In July of 2016, Conley signed a historic contract extension with the Grizzlies. The franchise—the only one Conley had ever played for—held a ceremony on the court at FedExForum. The point guard didn’t waste any time sharing the wealth. At the ceremony, Conley announced a $1 million donation to the Memphis Grizzlies Foundation to help at-risk youth in the community.

But it was Conley’s personal connections that stood out just as much as his financial efforts. Conley’s annual Bowl ’N’ Bash event had raised plenty of money for sickle cell patients by the time Conley and Memphis celebrated it for the 11th and final time this summer. Telly Dodson, an advocate and sickle cell patient, was in a lane next to Conley and his family at one of those early fundraisers. Thanks to some bowling and friendly trash talk, they became friends.

“He’s just so down to earth. It’s like you’re seeing your neighbor and you can talk to him and have a regular conversation,” Dodson said. “That’s what people loved about him here. There’s a willingness to give back, and it’s not just monetary. It’s also his time, him just being a good person.”

Said Conley, “I’m just lucky enough to have been able to spend a lot of time with a lot of great kids, a lot of great people in the community.”

Conley’s service in the community has also helped to shape him as a player. Last season, the veteran point guard received both the NBA’s Sportsmanship and Teammate of the Year awards.
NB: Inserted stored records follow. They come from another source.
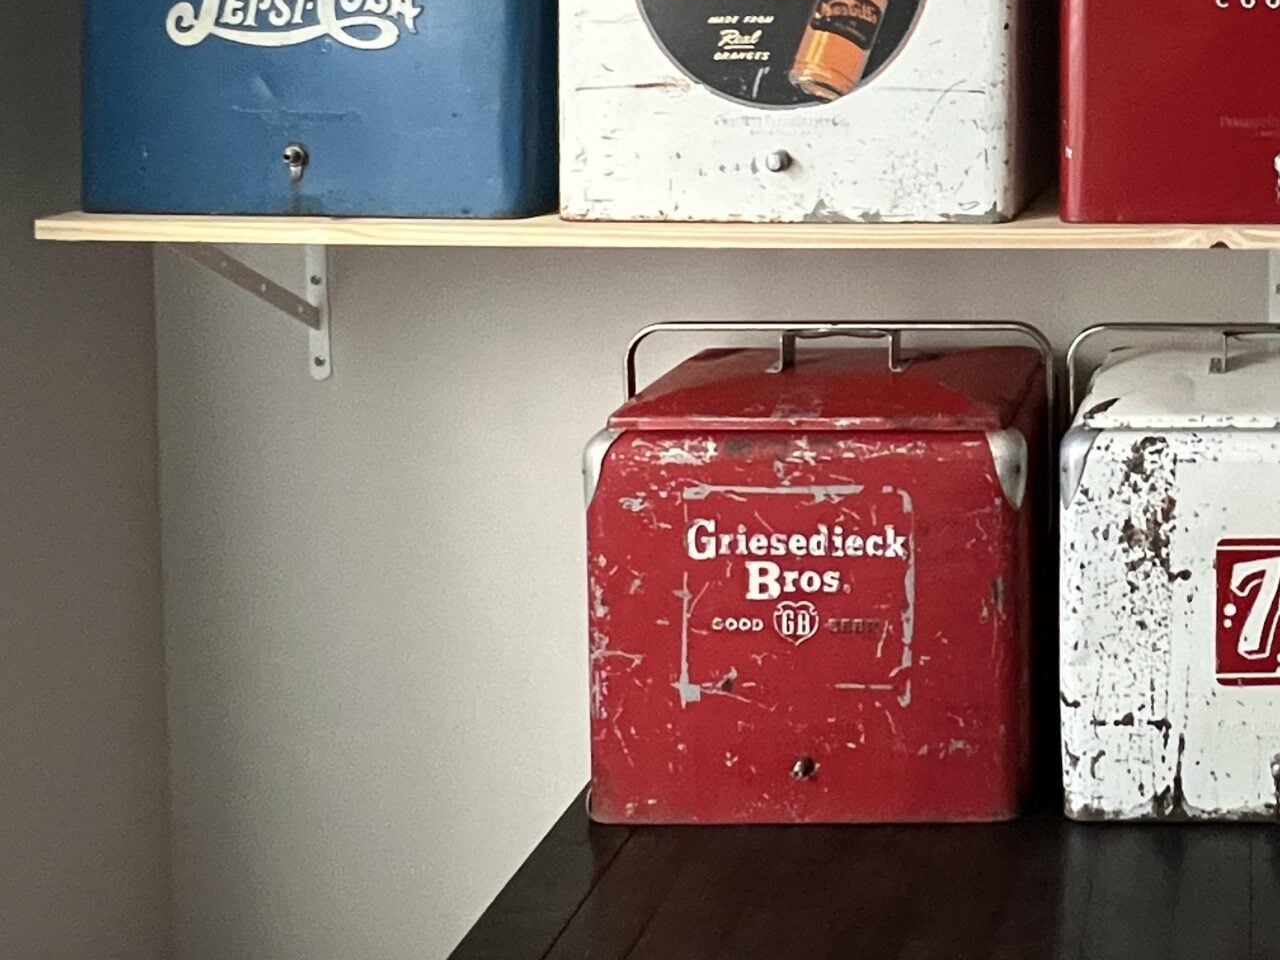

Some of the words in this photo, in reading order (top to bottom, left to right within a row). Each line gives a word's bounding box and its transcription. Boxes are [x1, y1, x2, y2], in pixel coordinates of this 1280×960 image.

[713, 51, 771, 61] ORANGES
[687, 518, 908, 560] Griesedieck
[711, 617, 764, 632] GOOD
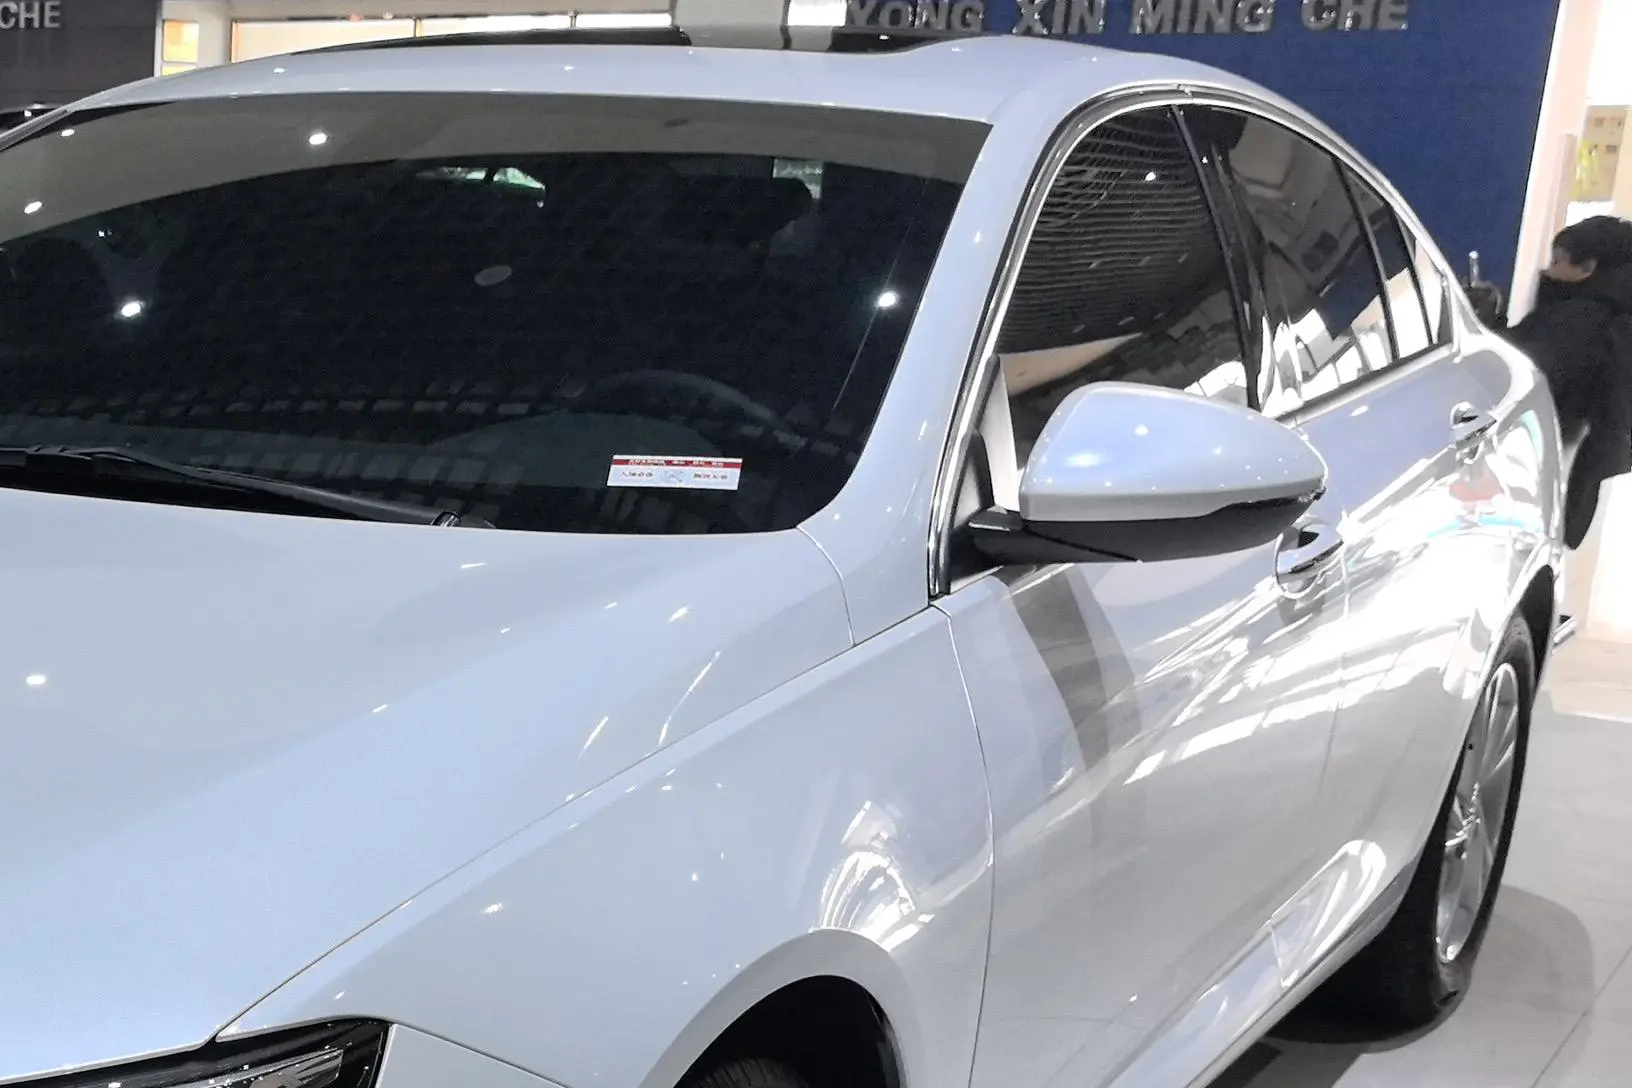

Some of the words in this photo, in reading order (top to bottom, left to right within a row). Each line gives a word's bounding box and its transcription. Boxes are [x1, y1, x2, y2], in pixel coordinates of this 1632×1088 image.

[1012, 0, 1106, 35] XIN
[1128, 0, 1275, 34] MING
[1299, 0, 1409, 32] CHE
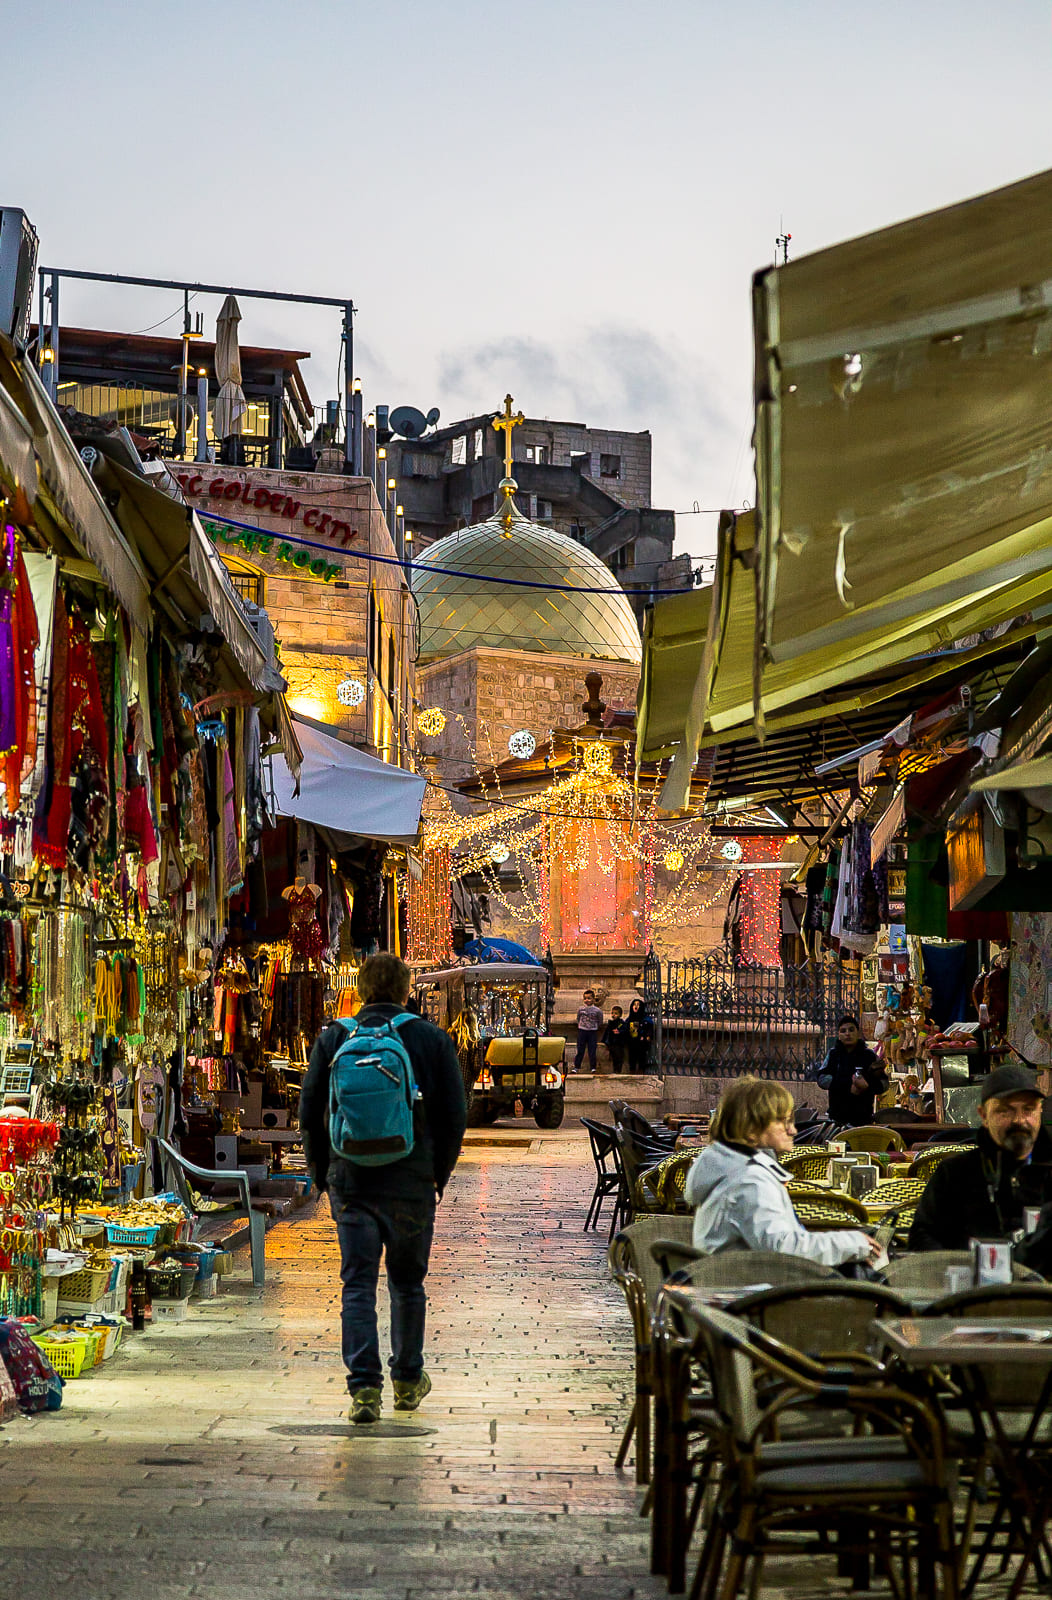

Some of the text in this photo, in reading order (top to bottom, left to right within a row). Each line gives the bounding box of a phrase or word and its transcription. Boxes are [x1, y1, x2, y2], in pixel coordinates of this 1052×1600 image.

[209, 478, 301, 519] GOLDEN
[303, 509, 357, 545] CITY
[275, 542, 342, 583] ROOF
“It helps you grow,” Conley said. “You see how you can serve others and be a blessing to other people, to be a role model for certain people. The changes you can make daily are tremendous. And when you bring that back to the locker room, you feel 10 times better about yourself as the leader of a team. I think it’s just something that’s needed. Everybody needs to serve in their community.”

With trade rumors swirling, Conley knew last season could be his final in Memphis.

“To know that last season was probably my last there was tough and emotional,” he said.

It was tough on Conley’s fans, too.

“We were on pins and needles,” Streeter said.

“The last time I saw him, I joked with him that he'd better not be going anywhere,” Dodson added.

But after news of Conley’s move to Utah broke, his fans in Memphis also felt happy—that he was going to a good situation, that they’d had so much time with him.

“My feelings were just the same as the entire city’s,” Pretzer said. “It was bittersweet. We’re grateful we had someone have such a long career in this city, and all of his philanthropy and support make it that much more special. And we know it’s a lifelong partnership.”

All this time later, Streeter is still searching for ways to thank Conley.

“When I tell you he was a blessing for us, he was a blessing,” she said. “We were hurt and didn’t know which way to turn. He made that load so much lighter for us.”

On Friday, Streeter and Dodson will be among the thousands of fans at FedExForum to welcome Conley back to Memphis. And he expects it to be an emotional night.

“I hope it’s good,” Conley said when asked what he expects from the crowd. “I know that the feeling is mutual, how much I love them, and I know they feel the same way.”

 “I’ll try to keep it as businesslike as I can, but I know it will be emotional. … I’m just anxious. Almost like you’re trying to get it over with and get back to hoopin’. But I also want to take in the moment. It’s a once-in-a-lifetime type thing.”

For so long, Conley said, Memphis was all he knew. And because of that, he knows so much more.

“You can’t describe the way the Bluff City can affect you and change you,” Conley said. “But you’re looking at it. I’m a guy that was really molded from that. It gave me another layer. It really pushed me to a level that I’ve always wanted to achieve, both in basketball and off the court.”